Activity: In full and exactly, please return the records, but keep out the pictures.

Dataset:

BEGIN

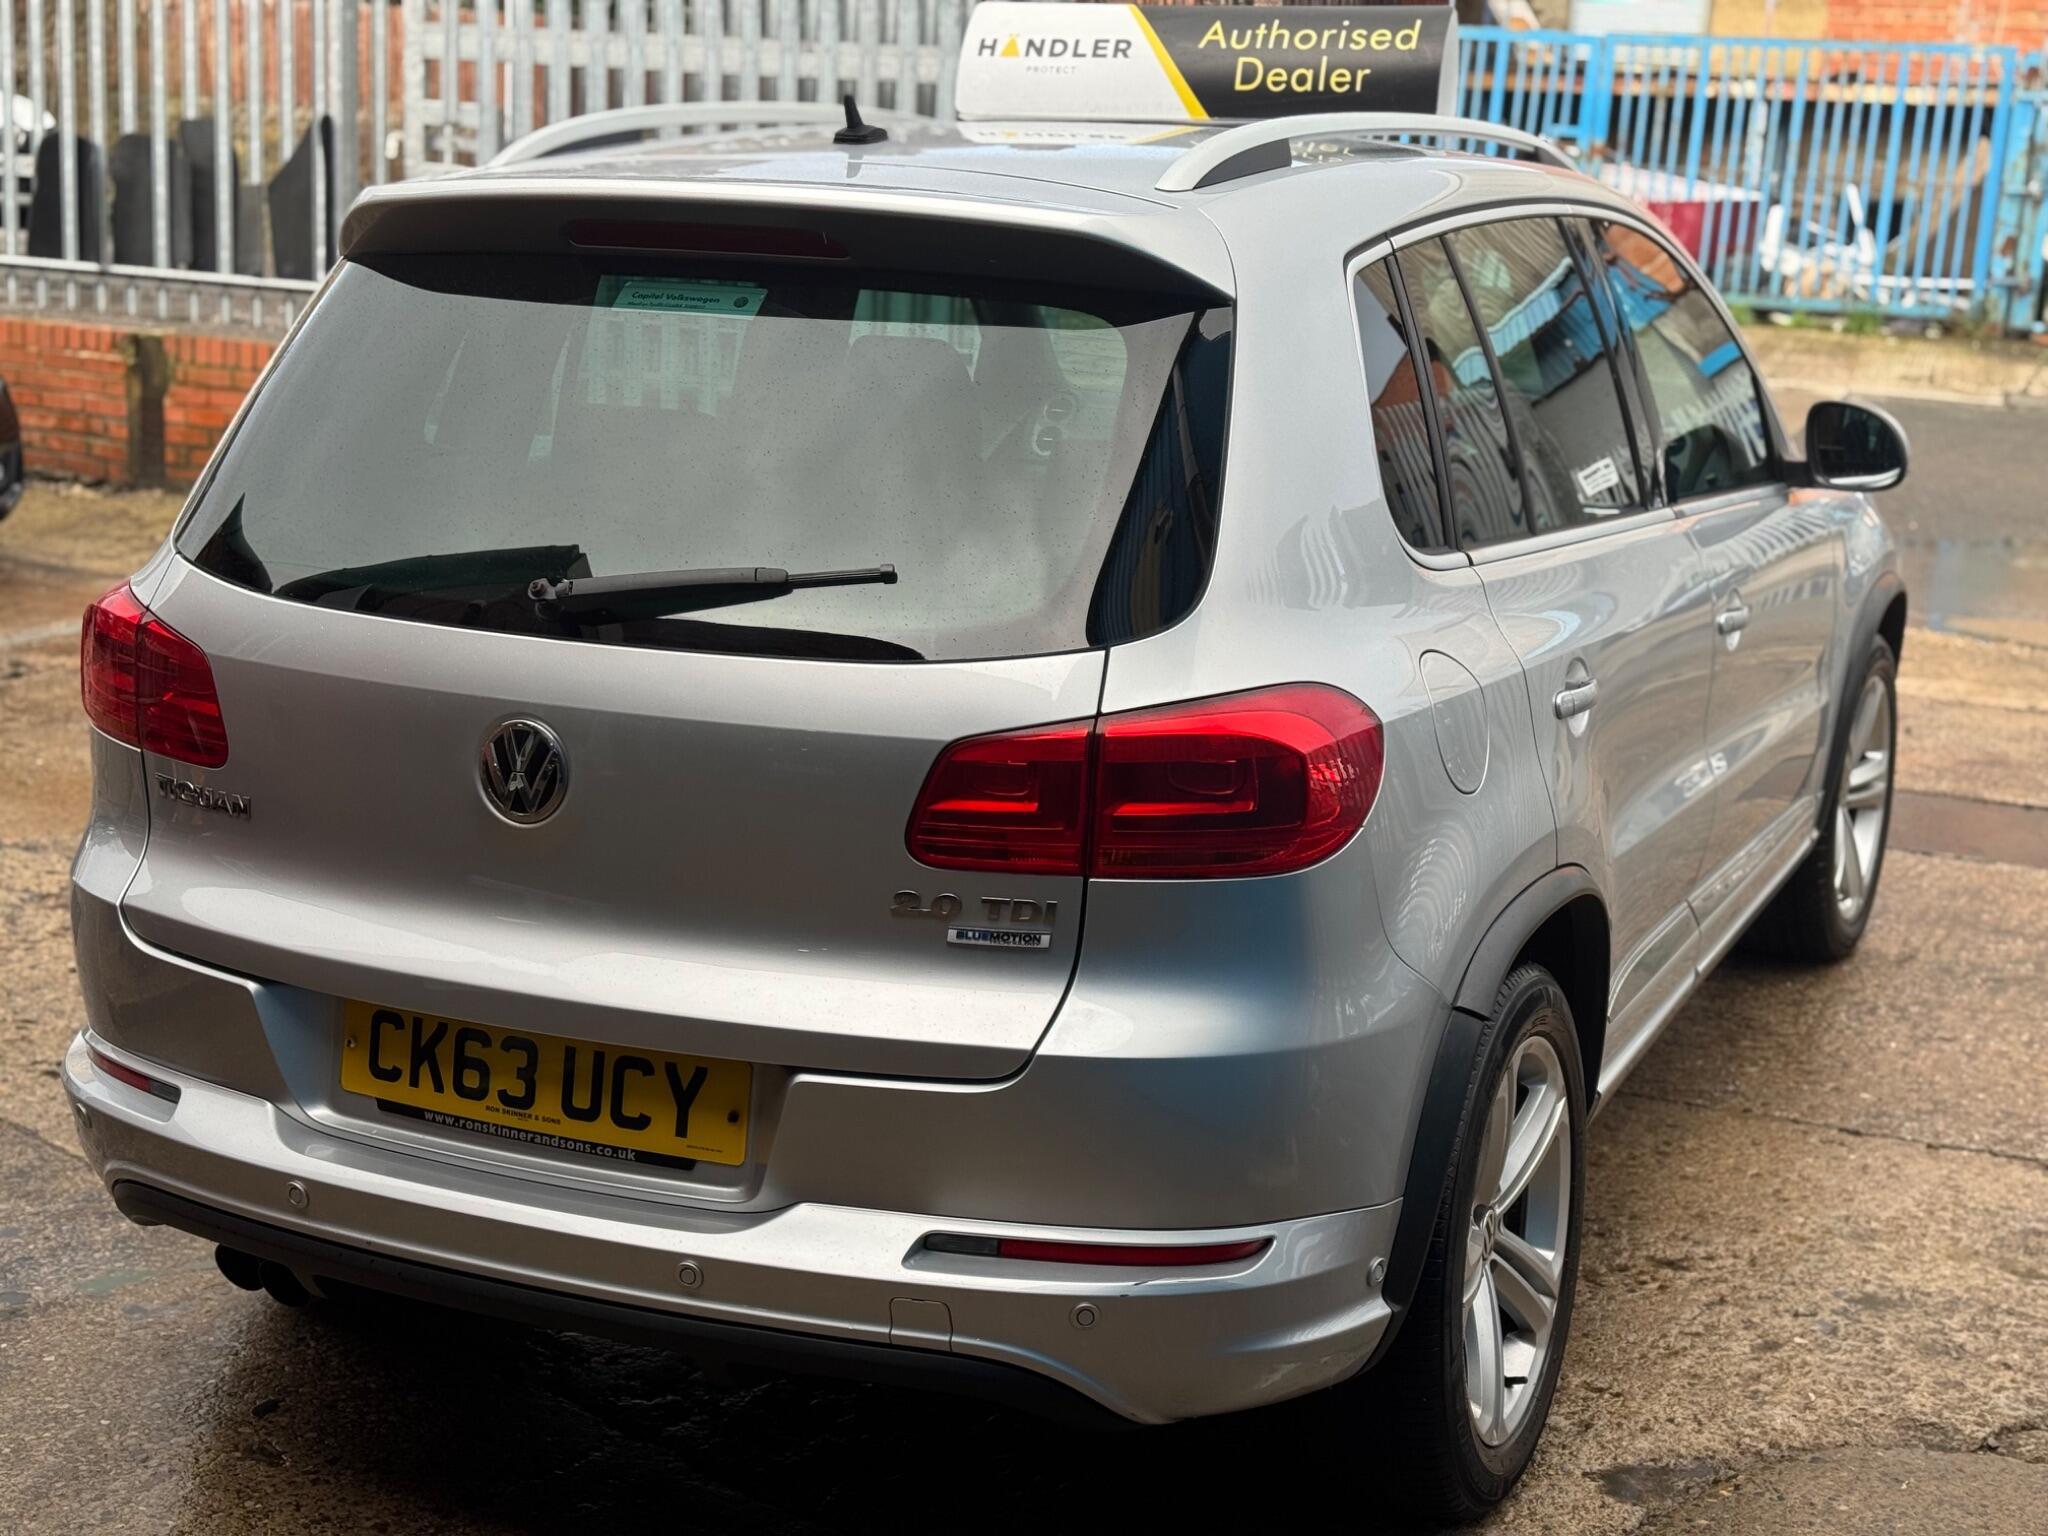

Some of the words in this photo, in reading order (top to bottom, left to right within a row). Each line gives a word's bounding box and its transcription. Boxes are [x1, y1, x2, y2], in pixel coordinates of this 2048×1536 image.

[1198, 19, 1422, 51] Authorised
[1026, 65, 1077, 75] PROTECT
[1234, 56, 1371, 93] Dealer
[666, 293, 720, 304] Volkswagen
[890, 889, 963, 921] 2.0
[980, 896, 1059, 924] TDI
[956, 930, 1042, 944] BLUEMOTION
[368, 1008, 539, 1111] CK63
[560, 1045, 709, 1139] UCY
[485, 1105, 500, 1113] RON
[502, 1108, 533, 1120] SKINNER
[542, 1116, 561, 1125] SONS
[424, 1110, 637, 1161] www.ronskinnerandsons.co.uk

END

Exercise solution:
Some of the words in this photo, in reading order (top to bottom, left to right within a row). Each line gives a word's bounding box and its transcription. Boxes are [x1, y1, x2, y2], in pixel coordinates of this 2048×1536 image.

[1198, 19, 1422, 51] Authorised
[1026, 65, 1077, 75] PROTECT
[1234, 56, 1371, 93] Dealer
[666, 293, 720, 304] Volkswagen
[890, 889, 963, 921] 2.0
[980, 896, 1059, 924] TDI
[956, 930, 1042, 944] BLUEMOTION
[368, 1008, 539, 1111] CK63
[560, 1045, 709, 1139] UCY
[485, 1105, 500, 1113] RON
[502, 1108, 533, 1120] SKINNER
[542, 1116, 561, 1125] SONS
[424, 1110, 637, 1161] www.ronskinnerandsons.co.uk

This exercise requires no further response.